Endo remained in confinement for months as her case progressed. When it eventually reached the Supreme Court in April 1944, the Court unanimously ruled in favor of Endo, stating that "the government cannot detain a citizen without charge when the government itself concedes she is loyal to the United States." While Endo's unwavering commitment to the larger cause was certainly central to the eventual outcome, Tyler credits Purcell for his tireless efforts. "He recognized the serious constitutional problems with what the government was doing and he felt compelled to use his skills to give a voice to a community that was unfairly targeted and unconstitutionally treated during the war," she says. "I have heard many survivors of the camps refer to Mr. Purcell as 'the man who set us free.'"
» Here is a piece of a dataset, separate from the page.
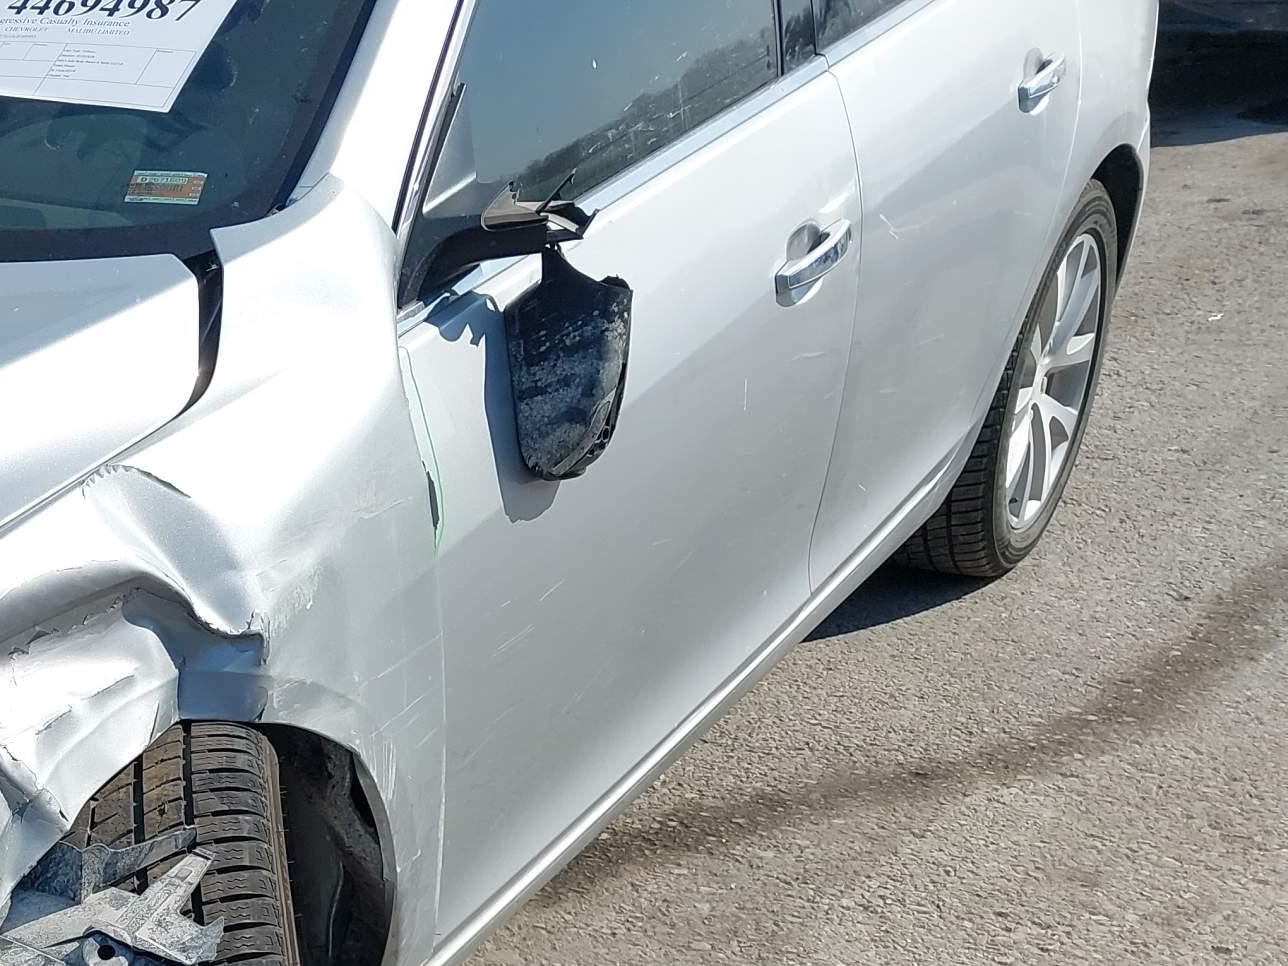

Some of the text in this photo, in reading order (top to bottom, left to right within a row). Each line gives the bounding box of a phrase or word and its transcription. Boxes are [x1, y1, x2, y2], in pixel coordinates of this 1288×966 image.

According to Tyler, the case has left more of a cultural legacy than a legal one. "Endo's case is not so significant for the precedent that it set, because it was decided very narrowly on non-constitutional grounds, but it is instead enormously significant for being the driving force behind the closing of the Japanese-American internment camps," she says. "In the lead up to the decision coming down, President Roosevelt had resisted pressure from advisers to close the camps. After the 1944 election and upon purportedly being tipped off that the Supreme Court was going to decide in favor of Endo's claim that she could not be detained in the camps as a concededly loyal citizen, the administration changed course and proclaimed that it would begin closing the camps. The day after making that announcement, the Supreme Court handed down its decision in Ex parte Endo."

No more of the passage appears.